**Your task**:
Leaving the pictures aside, repeat the entries exactly.

**Record excerpts**:
== == ==

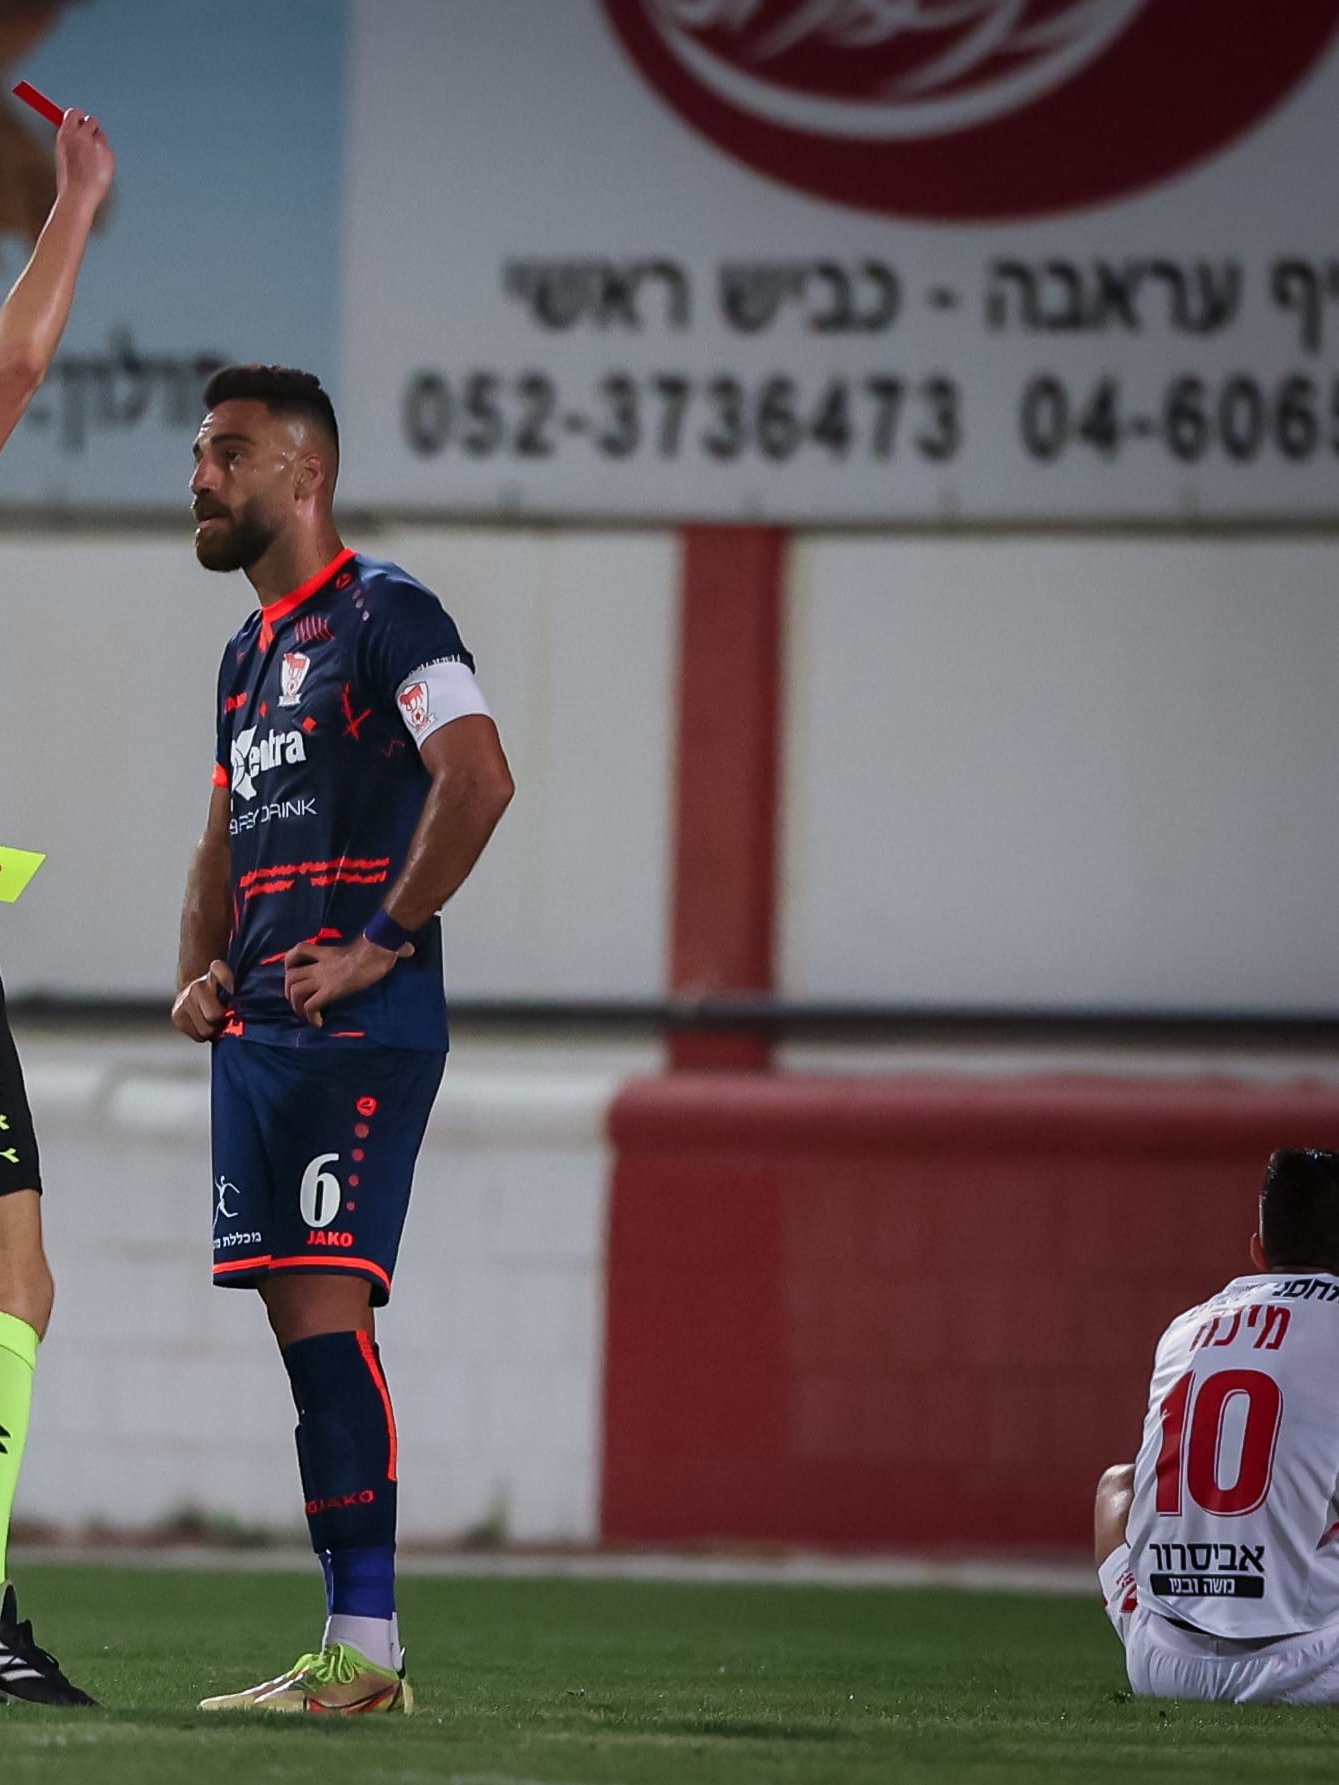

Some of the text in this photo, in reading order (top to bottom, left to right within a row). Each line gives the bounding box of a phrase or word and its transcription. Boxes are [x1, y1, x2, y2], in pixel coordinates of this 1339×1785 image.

[402, 370, 1339, 465] 052-3736473 04-606
[299, 1152, 342, 1229] 6
[307, 1230, 354, 1248] JAKO
[1155, 1368, 1284, 1518] 10
[1203, 1577, 1236, 1594] משה
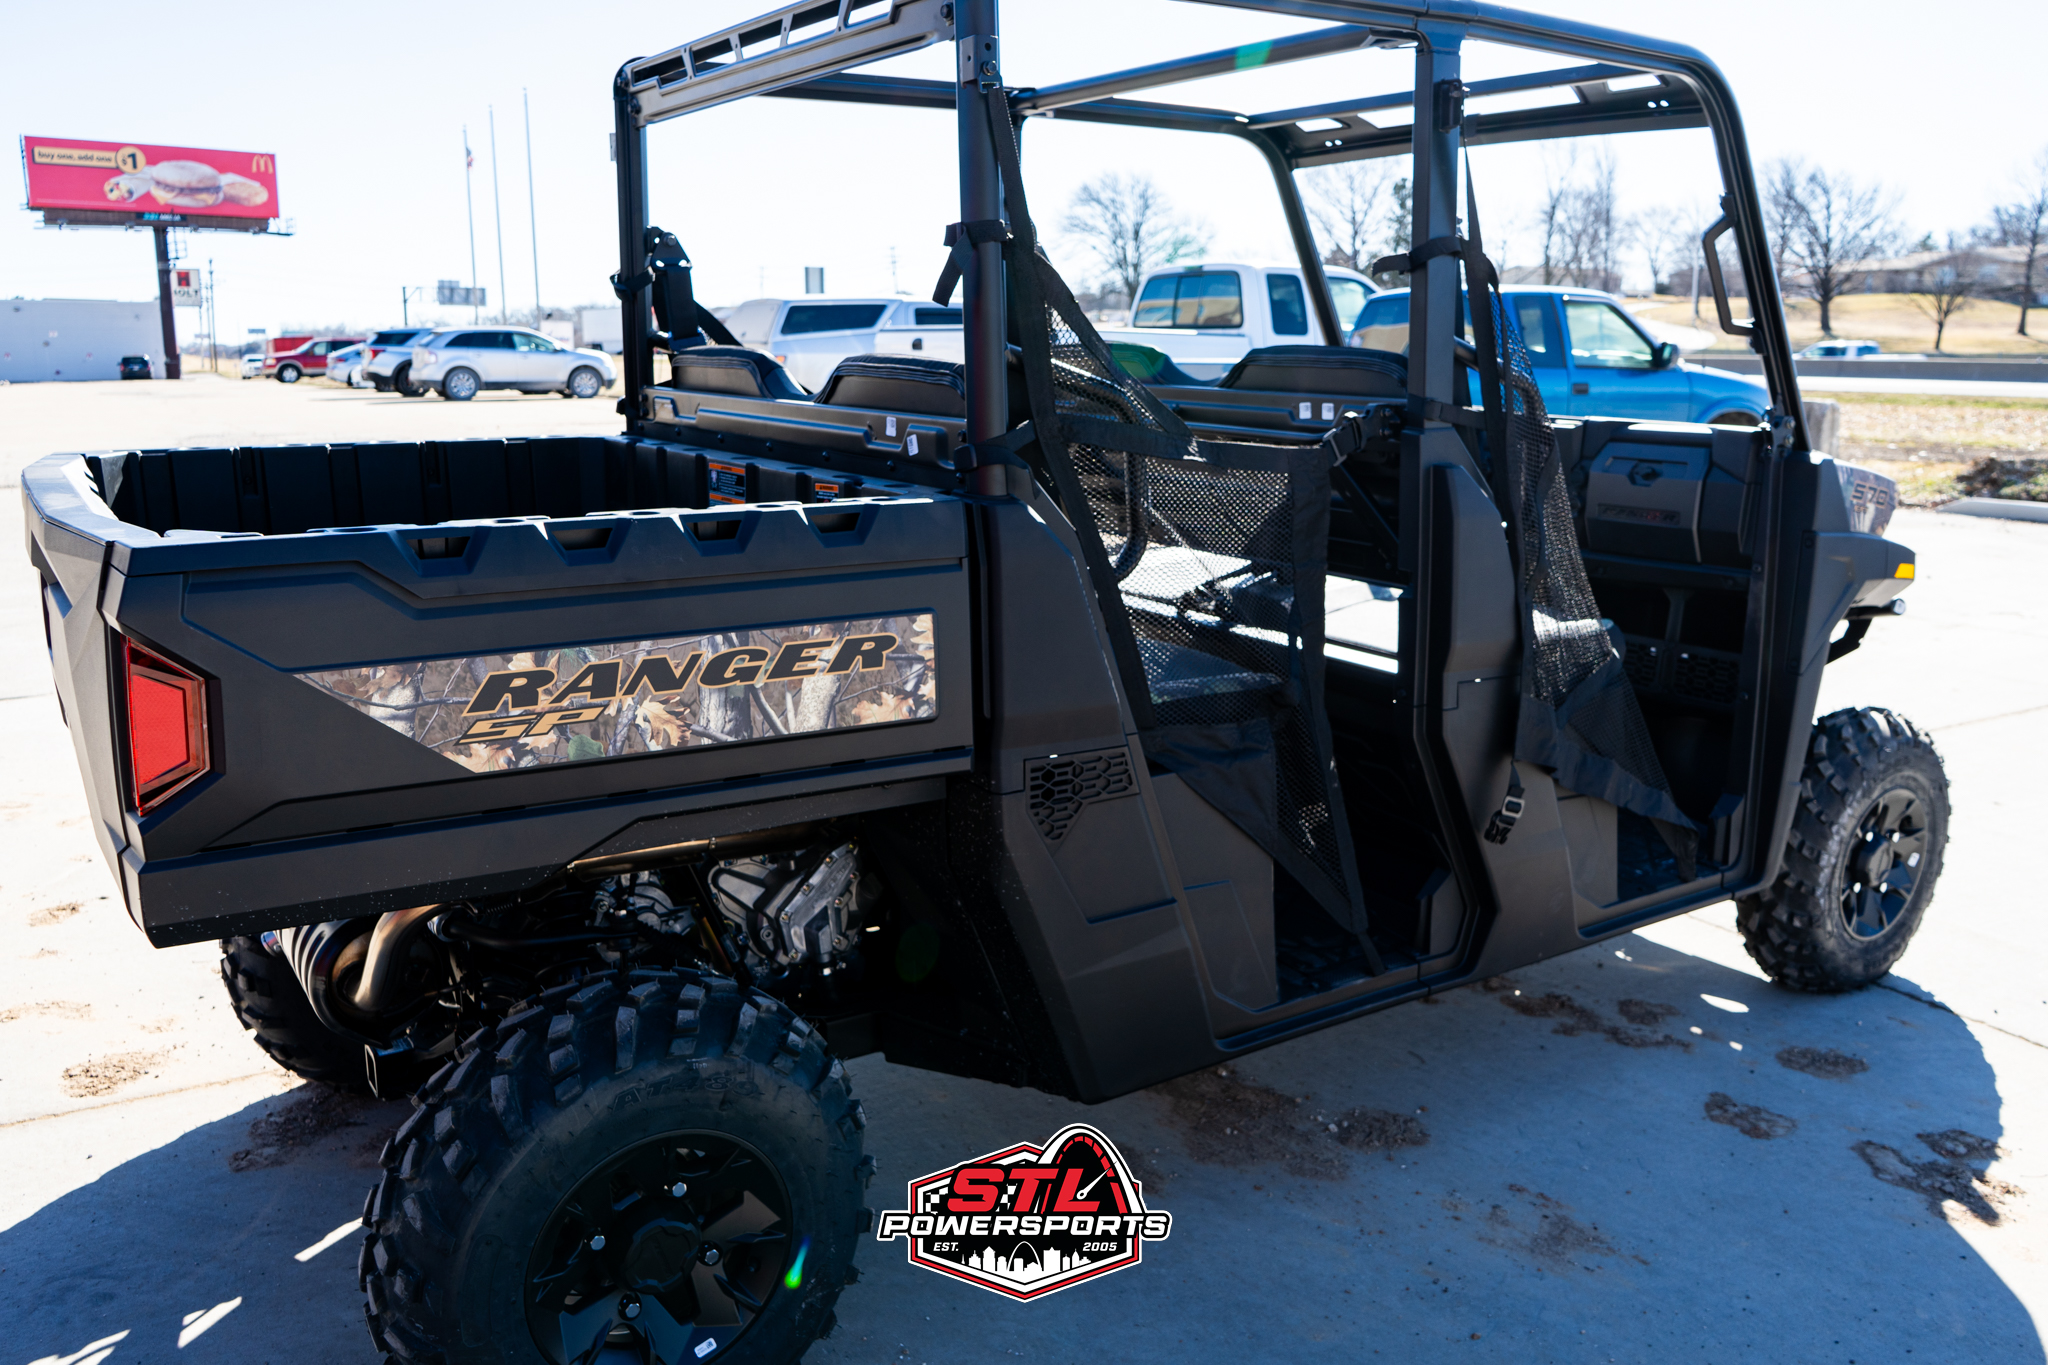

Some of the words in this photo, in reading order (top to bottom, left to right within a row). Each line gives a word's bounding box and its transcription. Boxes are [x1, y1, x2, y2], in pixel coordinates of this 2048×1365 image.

== == ==

**Output for this task**:
Some of the text in this photo, in reading order (top to bottom, left to right within a row). Each line gives the bounding box of a phrase or word and its transcription. Boxes are [x1, y1, x2, y2], in pixel coordinates of this 1339×1785 image.

[402, 370, 1339, 465] 052-3736473 04-606
[299, 1152, 342, 1229] 6
[307, 1230, 354, 1248] JAKO
[1155, 1368, 1284, 1518] 10
[1203, 1577, 1236, 1594] משה

Some of the words in this photo, in reading order (top to bottom, left to right within a row). Each line gives a word's bounding box and its transcription. Boxes are [x1, y1, x2, y2], in pixel coordinates of this 2048×1365 image.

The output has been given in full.